The judge rejected both arguments.
- The form the company submitted “was, on its face, a compliance statement for the EIS which satisfied the [statutory] requirements … the company’s intention, even if … negligent, does not prevent it from having provided a compliance statement”. Therefore, HMRC was right to authorise EIS, which in turn blocked SEIS.
- There simply is no way to use TMA 1970, s 42(9) in this case. The compliance statement is not itself a claim, so none of the claims mechanisms in the Taxes Management Act 1970 apply. For there to be any way of unpicking the foul-up, it would have to be found within Part 5 of ITA 2007.
This company thought it might have a better chance than either of the companies in the preceding cases since their lawyers had written previously to HMRC seeking advance assurance that SEIS would be available.
HMRC had agreed that, based on the information given, all would be in order, and invited the company to submit form SEIS1. Surely, the company argued, HMRC could have seen that it was a simple error and that the authorisation sought was actually for SEIS.
In X-Wind, the tribunal judge had said it was a pity HMRC hadn’t asked more questions. The problem is, in the case of Innovate HMRC did ask more questions! On 6 August 2015 HMRC wrote to the company pointing out that, while their earlier assurance requests had referred to SEIS, the actual form submitted had been for EIS. The HMRC Officer asked: “please either provide the correct SEIS1 or confirm the EIS1 should be processed”. When no response ensued, on 23 September 2015 HMRC issued a form EIS2 (granting authority to issue EIS certificates) to the company’s known address of 1 Mariner Court.
However, chaos intervened again: on 25 August 2015 the company made a change of registered office (to 5 Mariner Court) and claimed never to have received HMRC’s letter of 6 August 2015. Certainly, the EIS2 form issued on 23 September was returned to HMRC by the Post Office. It was only in January 2016, following a number of phone calls and emails, that a copy of the EIS2 reached the company.
The company tried to submit a fresh form SEIS1, but HMRC said they could not accept it because of the previous EIS1. HMRC could not simply substitute one form for the other because there is no statutory power to do so.
The Innovate decision
The fact that Innovate had asked for advance assurance on SEIS didn’t help them. The company “was entitled to change its proposal to claiming EIS relief rather than SEIS”, and HMRC was within its rights to proceed with an ostensibly valid form, especially when they received no response to their letter asking that very question.

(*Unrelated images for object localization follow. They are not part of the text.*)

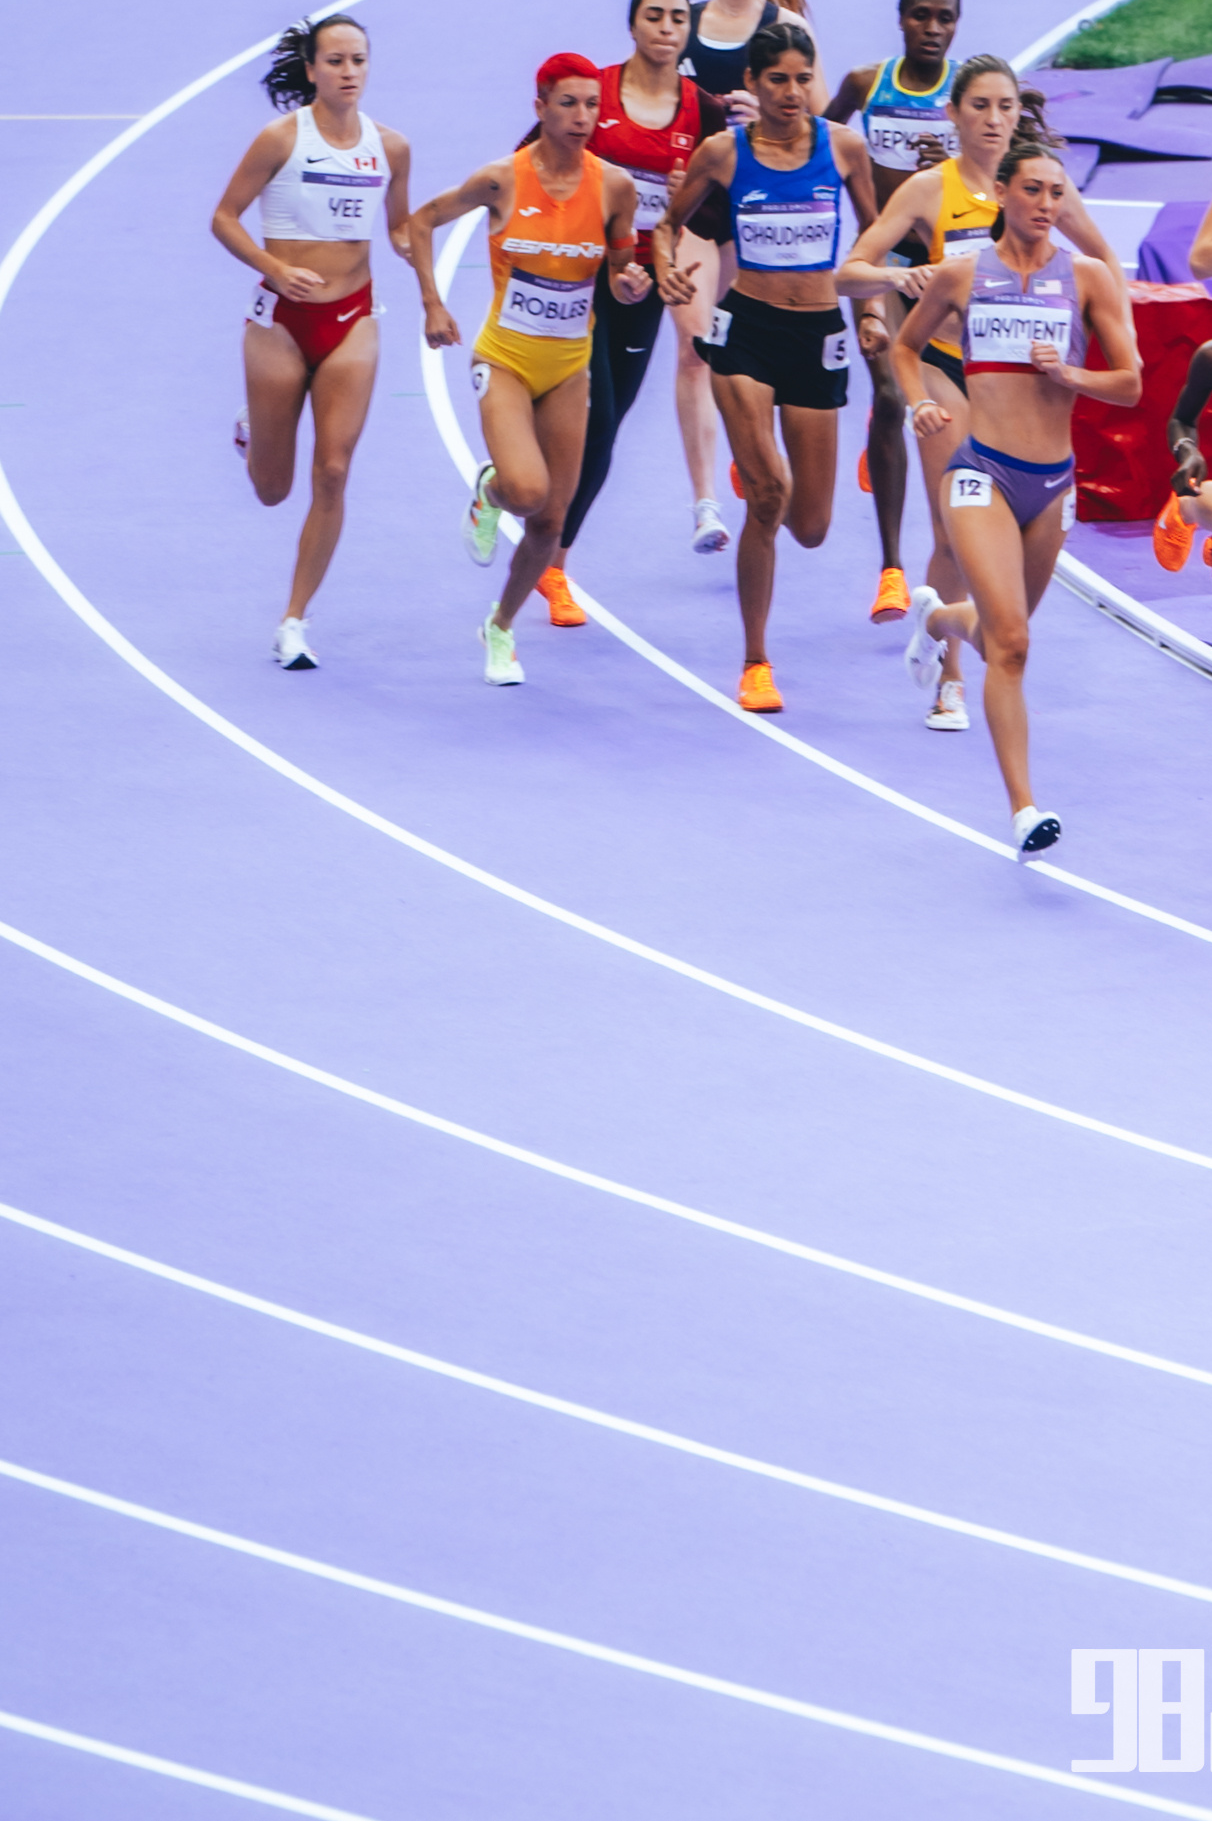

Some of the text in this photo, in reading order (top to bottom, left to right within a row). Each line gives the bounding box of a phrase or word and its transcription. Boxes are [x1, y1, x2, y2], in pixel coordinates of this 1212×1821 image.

[328, 197, 364, 218] YEE
[741, 224, 832, 247] CHAUDHARY
[254, 295, 265, 317] 6
[510, 291, 589, 321] ROBLES
[972, 317, 1068, 343] WAYMENT
[834, 339, 846, 362] 5
[958, 478, 981, 497] 12

The judge also looked a little deeper into the trigger for EIS being authorised. HMRC had always taken the position that the effective “point of no return” was when they issued EIS2 authorising the production of compliance certificates.

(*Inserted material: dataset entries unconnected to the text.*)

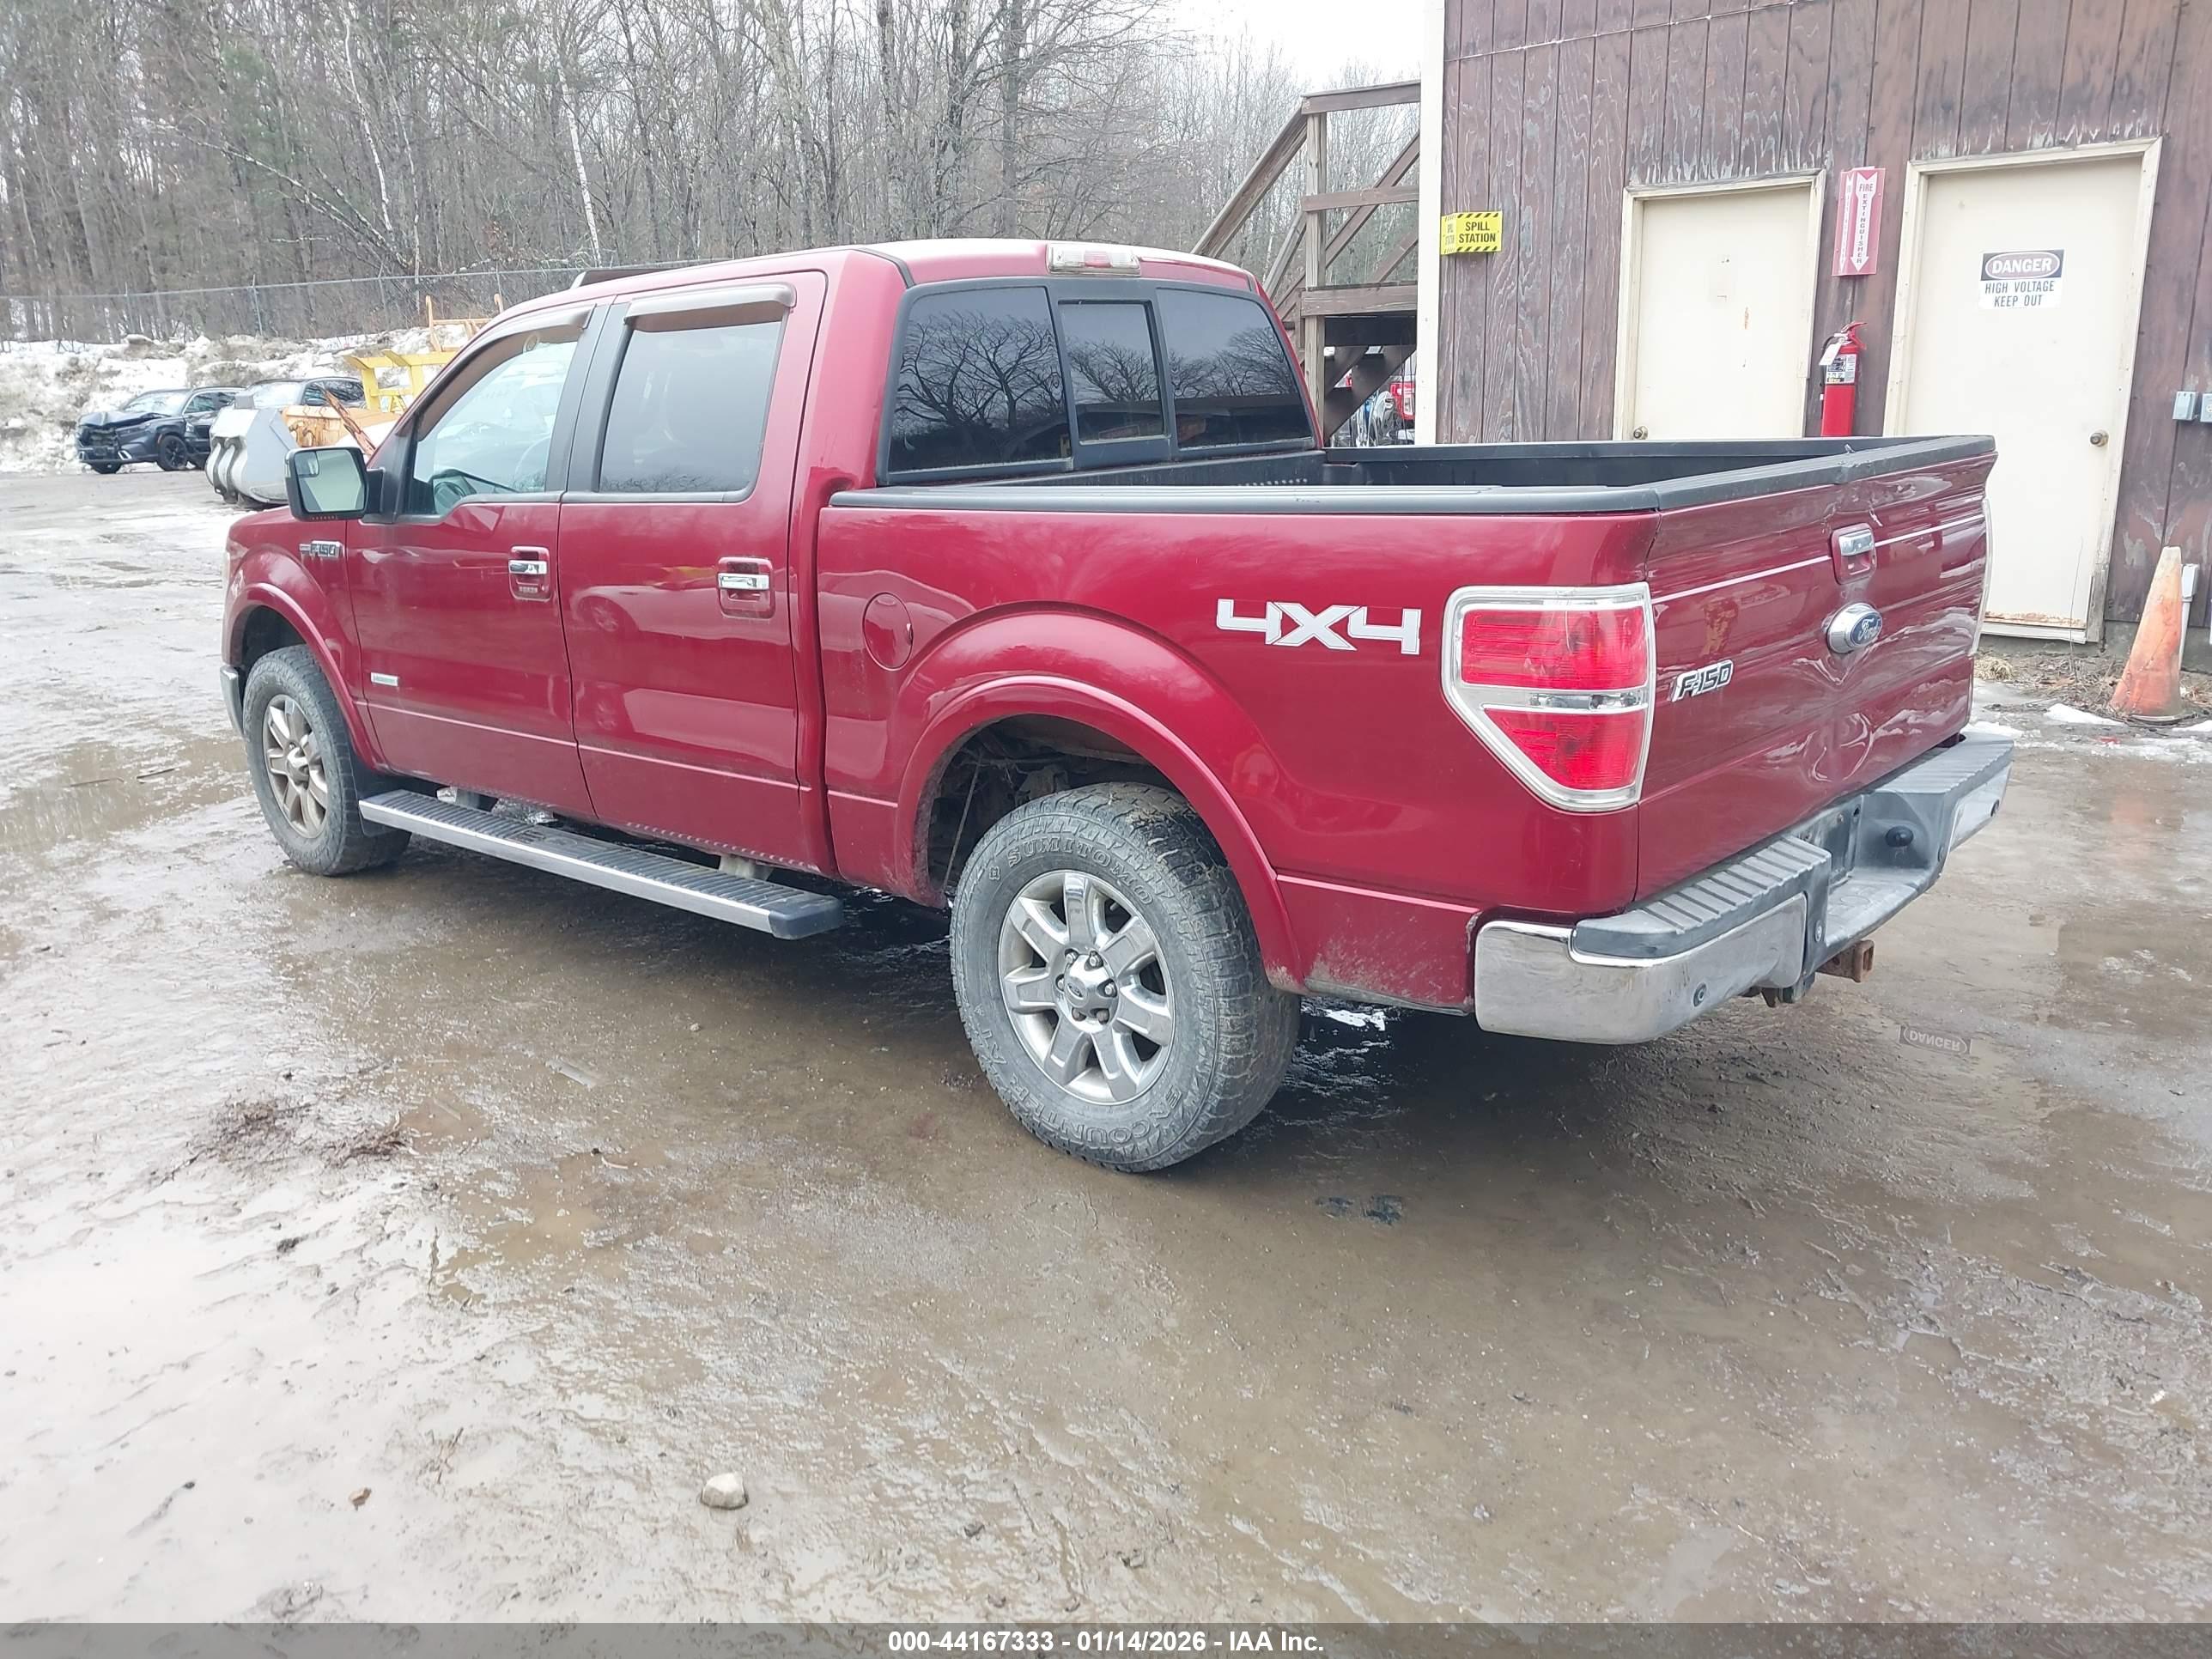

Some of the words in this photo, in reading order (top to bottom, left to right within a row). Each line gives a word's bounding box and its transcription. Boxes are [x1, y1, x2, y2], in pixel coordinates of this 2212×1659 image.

[1858, 183, 1874, 192] FIRE
[1465, 221, 1490, 232] SPILL
[1856, 193, 1868, 264] EXTINGUISHER
[1458, 233, 1496, 243] STATION
[1991, 258, 2052, 274] DANGER
[1984, 282, 2008, 295] HIGH
[2014, 280, 2054, 293] VOLTAGE
[1994, 295, 2019, 307] KEEP
[2024, 295, 2043, 307] OUT
[1854, 614, 1882, 642] Ford
[1007, 836, 1154, 904] SUMITOMO

However, on closer examination it appears that they were not going far enough: the strict wording of the legislation suggests that what matters is the submission by the company of a compliance statement (ie the EIS1), not HMRC’s response to it (ITA 2007, s.257DK(2)(b) applies). Following the Upper Tribunal’s comments on X-Wind, it is also clear that even if that EIS1 was sent in error, it is enough to do the damage.
Once again, the company’s appeal failed: only EIS relief at 30% is available, not SEIS relief at 50%.
And the moral is…
Use the right form! A company should use an experienced and qualified adviser who can make sure the right form is used.
If you are an adviser, the moral is even starker: unless you are 100% comfortable with handling SEIS claims, either call in a specialist or make sure your PI cover is up to scratch.